With advances in sensing and communication technologies, engineering systems are now commonly instrumented with sensors for system monitoring and management. Occasionally, when sensors become malfunction, it is advantageous to automatically determine faulty sensors in the system and, if possible, recover missing or faulty data. This paper investigates the use of machine learning techniques for sensor data reconstruction and anomaly detection. Specifically, bidirectional recurrent neural network (BRNN) is employed to build a data-driven model for sensor data reconstruction based on the spatiotemporal correlation among the sensor data. The reconstructed sensor data can be used not only for recovering the data of the faulty sensors, but also for detecting anomalies based on an analytical redundancy approach. The proposed method is tested with vibration data based on a numerical simulation of a sensor network for bridge monitoring application. In terms of prediction accuracy, the results show that the BRNN-based sensor data reconstruction method performs better than other existing sensor data reconstruction methods.
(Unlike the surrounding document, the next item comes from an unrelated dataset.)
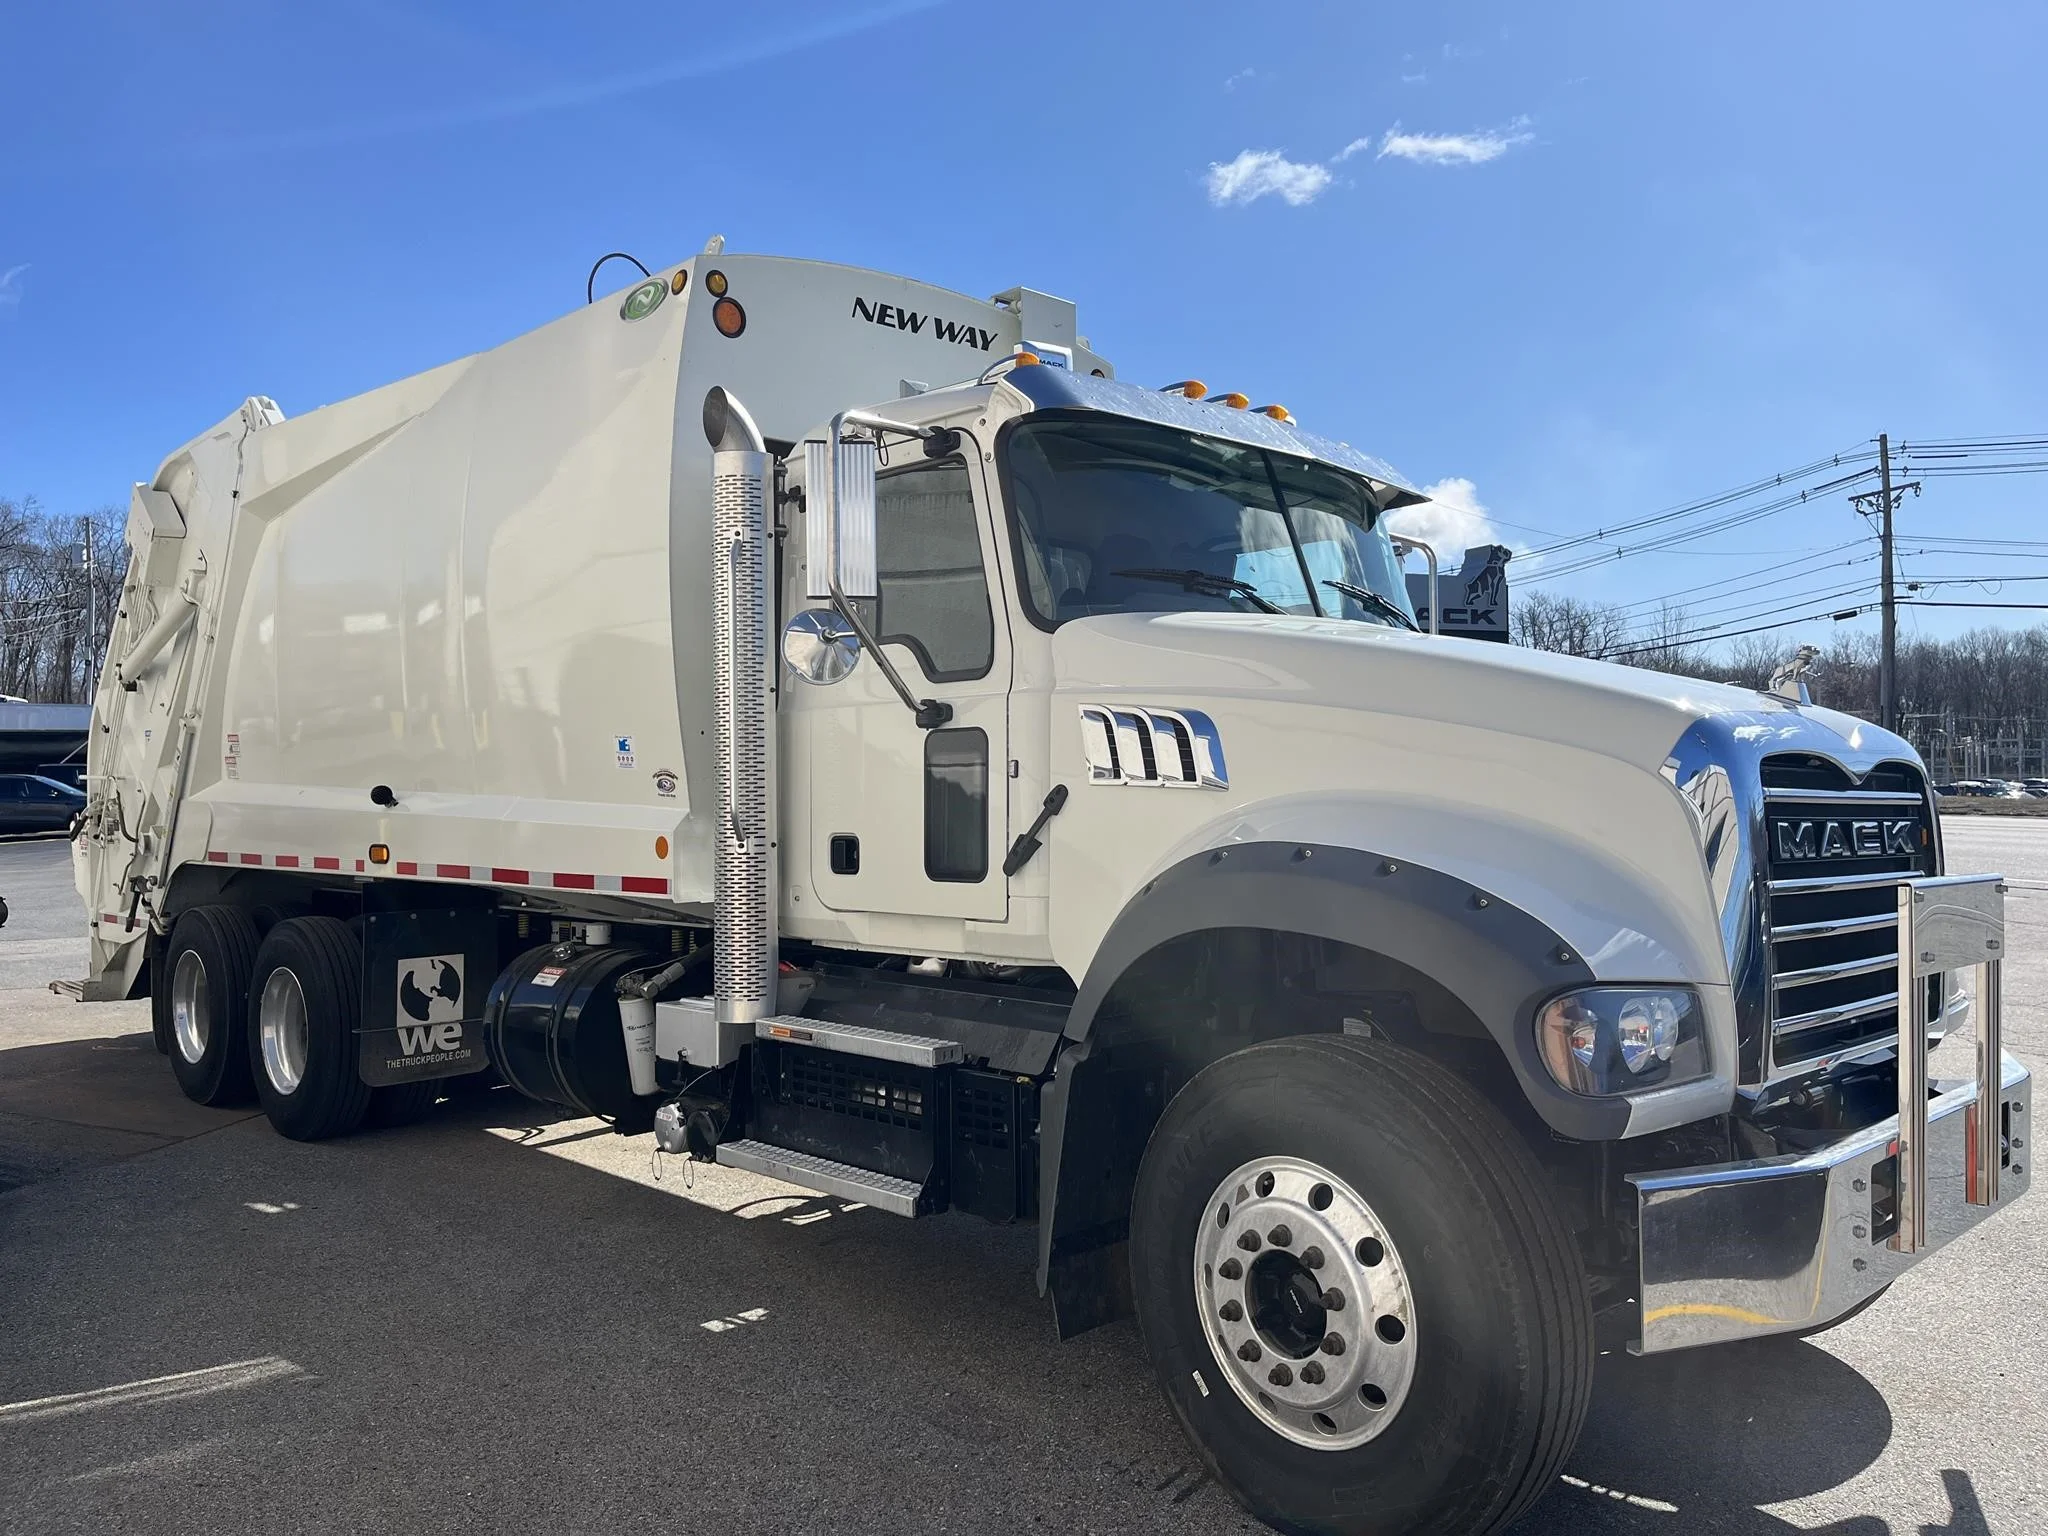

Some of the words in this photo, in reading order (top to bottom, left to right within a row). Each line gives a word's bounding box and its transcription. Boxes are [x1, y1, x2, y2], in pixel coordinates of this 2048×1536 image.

Furthermore, the sensor data reconstructed can be used to detect and isolate the anomalies caused by faulty sensors.

Paper Details

Date Published: 27 March 2019
PDF: 11 pages
Proc. SPIE 10970, Sensors and Smart Structures Technologies for Civil, Mechanical, and Aerospace Systems 2019, 109700N (27 March 2019); doi: 10.1117/12.2514436
Show Author Affiliations
Seongwoon Jeong, Stanford Univ. (United States)
Max Ferguson, Stanford Univ. (United States)
Kincho H. Law, Stanford Univ. (United States)

Published in SPIE Proceedings Vol. 10970:
Sensors and Smart Structures Technologies for Civil, Mechanical, and Aerospace Systems 2019
Jerome P. Lynch; Haiying Huang; Hoon Sohn; Kon-Well Wang, Editor(s)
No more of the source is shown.